> Problem: For each entry, return the text exactly and omit any image.

---

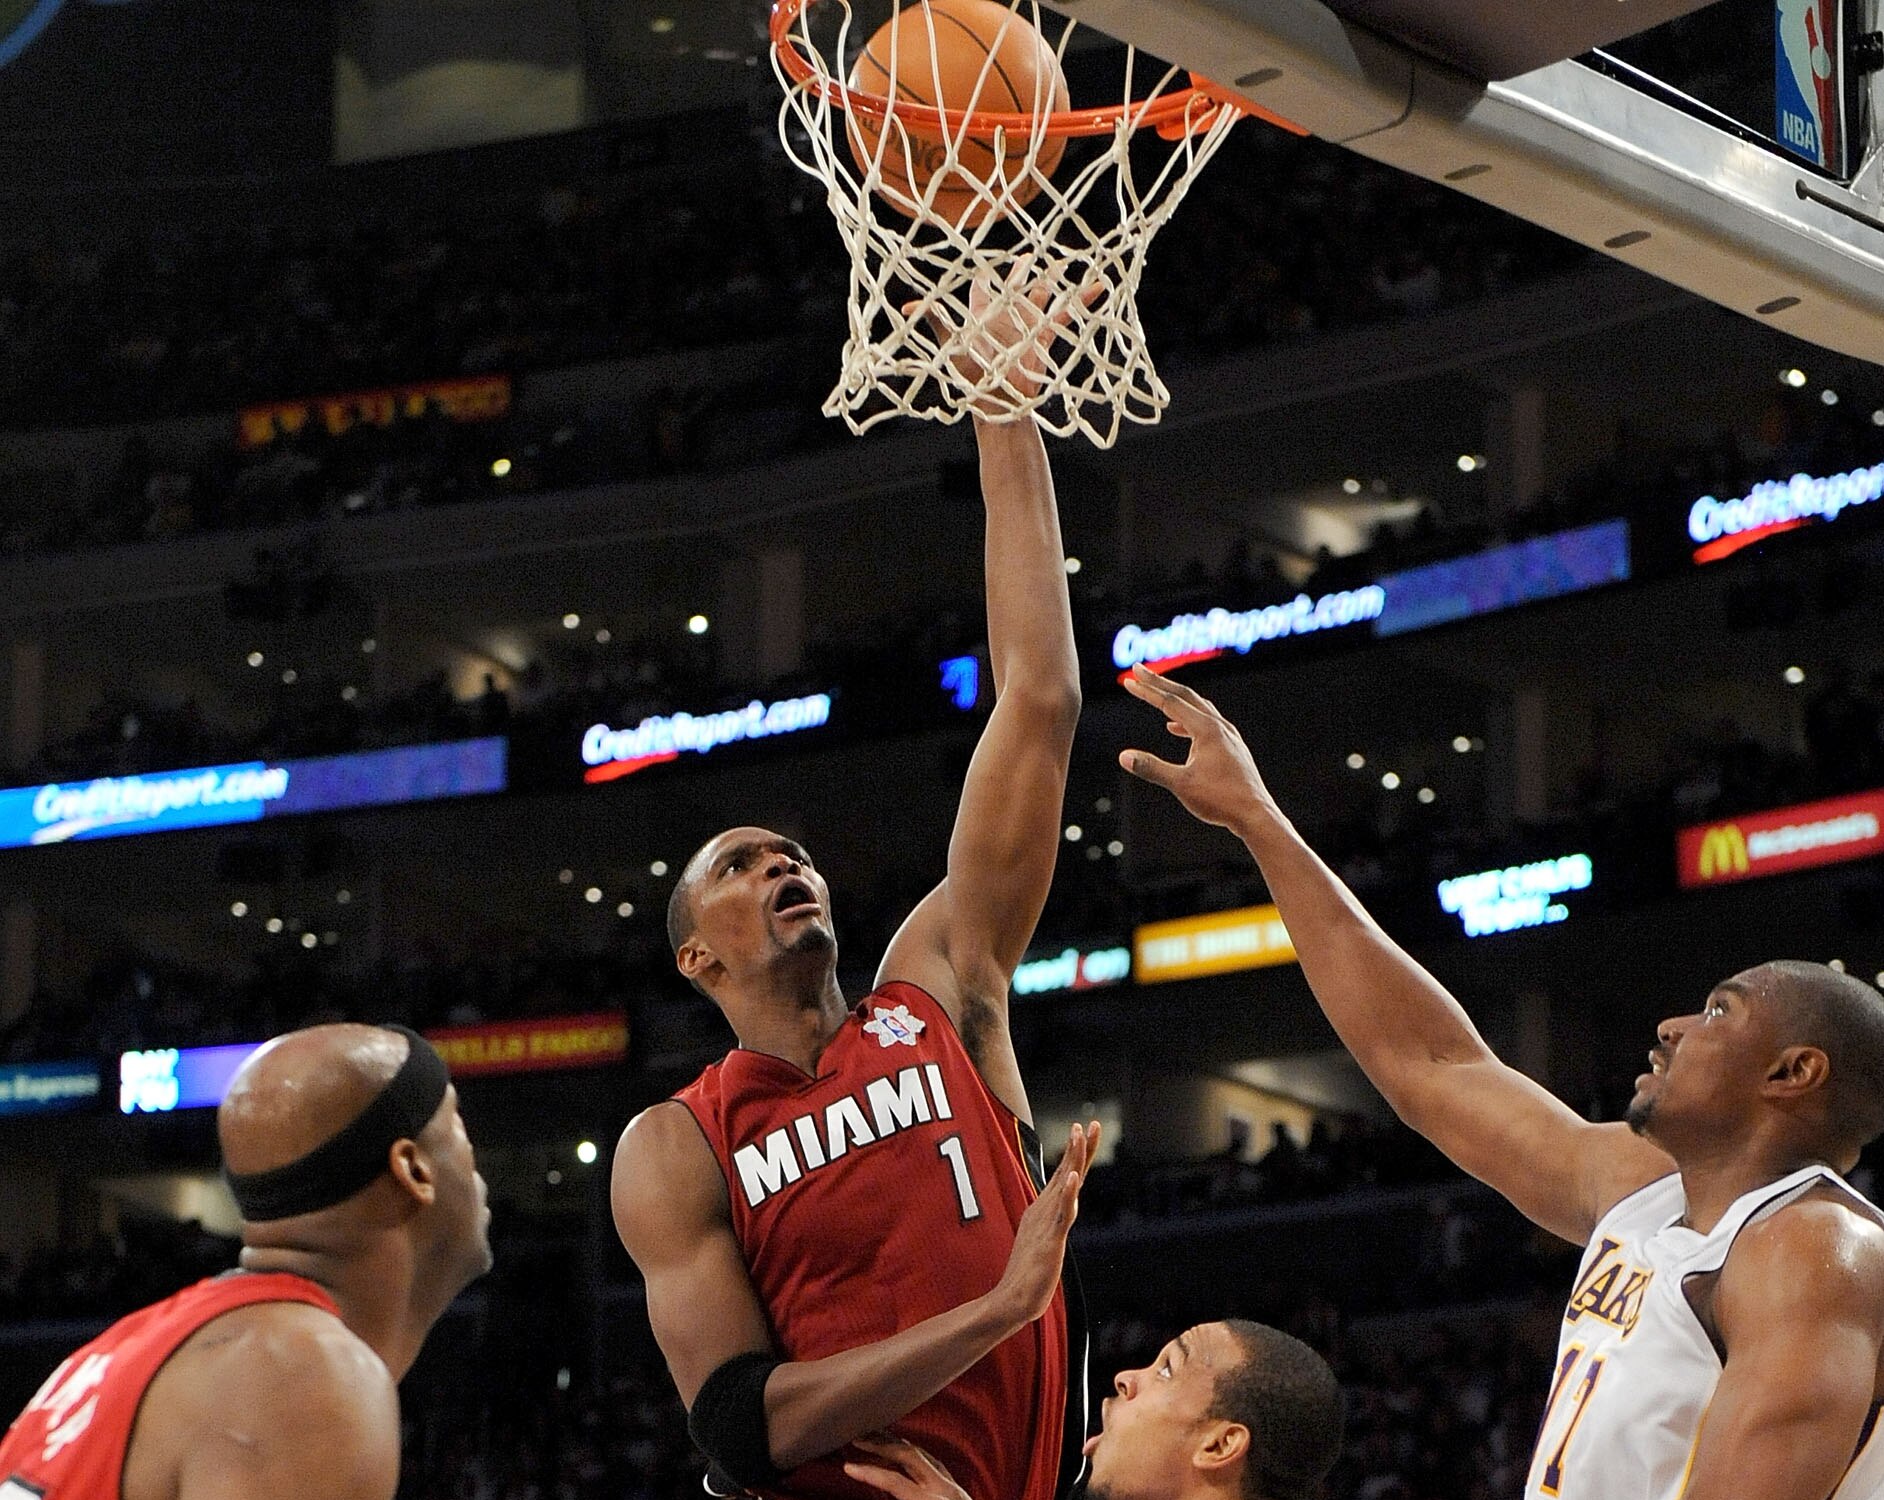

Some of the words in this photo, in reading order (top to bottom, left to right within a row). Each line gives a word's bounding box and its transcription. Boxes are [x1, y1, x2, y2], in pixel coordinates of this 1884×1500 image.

[1783, 109, 1816, 154] NBA
[733, 1062, 954, 1208] MIAMI
[938, 1134, 981, 1221] 1
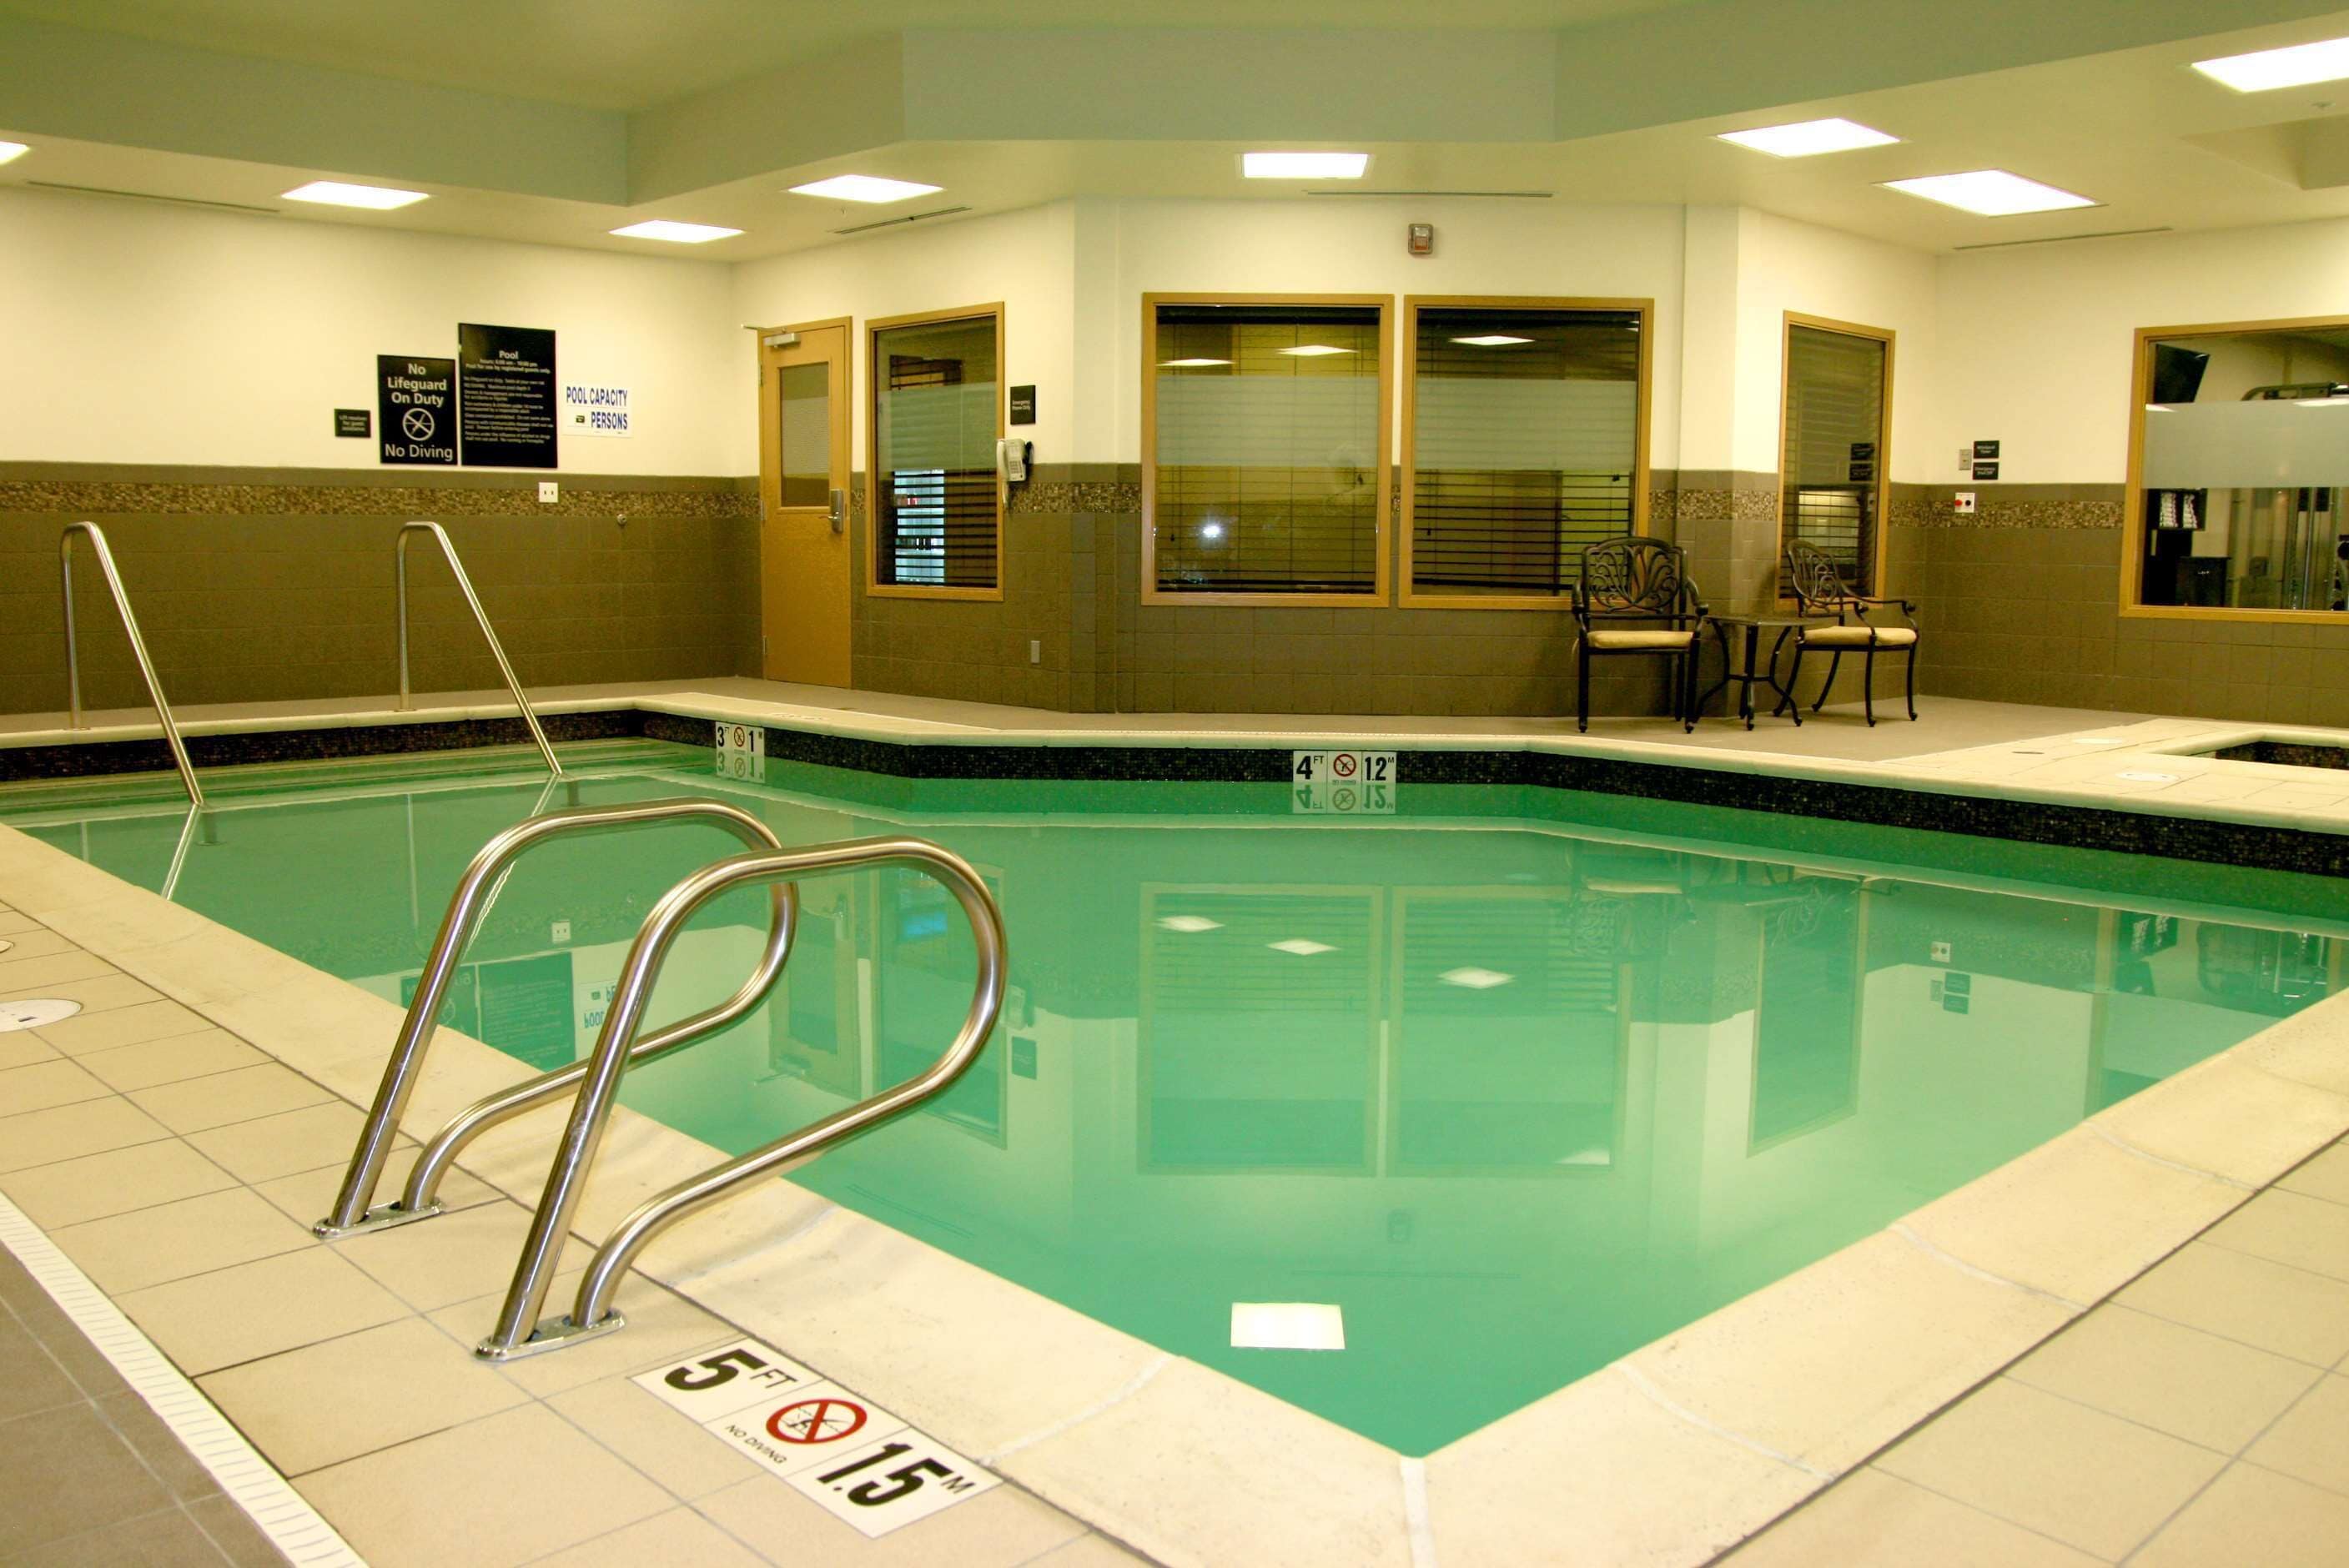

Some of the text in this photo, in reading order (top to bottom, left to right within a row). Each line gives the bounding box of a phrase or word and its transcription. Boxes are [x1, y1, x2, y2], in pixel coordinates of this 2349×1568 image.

[499, 350, 519, 359] Pool
[408, 363, 426, 374] No
[387, 376, 447, 392] Lifeguard
[391, 392, 444, 408] On Duty
[566, 386, 628, 406] POOL CAPACITY
[591, 411, 628, 430] PERSONS
[385, 444, 453, 461] No Diving
[717, 726, 725, 747] 3
[749, 730, 754, 752] 1
[1295, 756, 1325, 780] 4 FT
[1365, 756, 1386, 781] 1.2
[664, 1348, 799, 1391] 5 FT
[725, 1425, 787, 1464] NO DIVING
[816, 1443, 976, 1507] 1.5 M

---

> Answer area:
Some of the words in this photo, in reading order (top to bottom, left to right within a row). Each line gives a word's bounding box and its transcription. Boxes are [x1, y1, x2, y2], in pixel coordinates of this 1884×1500 image.

[1783, 109, 1816, 154] NBA
[733, 1062, 954, 1208] MIAMI
[938, 1134, 981, 1221] 1

Some of the text in this photo, in reading order (top to bottom, left to right within a row). Each line gives the bounding box of a phrase or word and its transcription. Boxes are [x1, y1, x2, y2], in pixel coordinates of this 2349×1568 image.

[499, 350, 519, 359] Pool
[408, 363, 426, 374] No
[387, 376, 447, 392] Lifeguard
[391, 392, 444, 408] On Duty
[566, 386, 628, 406] POOL CAPACITY
[591, 411, 628, 430] PERSONS
[385, 444, 453, 461] No Diving
[717, 726, 725, 747] 3
[749, 730, 754, 752] 1
[1295, 756, 1325, 780] 4 FT
[1365, 756, 1386, 781] 1.2
[664, 1348, 799, 1391] 5 FT
[725, 1425, 787, 1464] NO DIVING
[816, 1443, 976, 1507] 1.5 M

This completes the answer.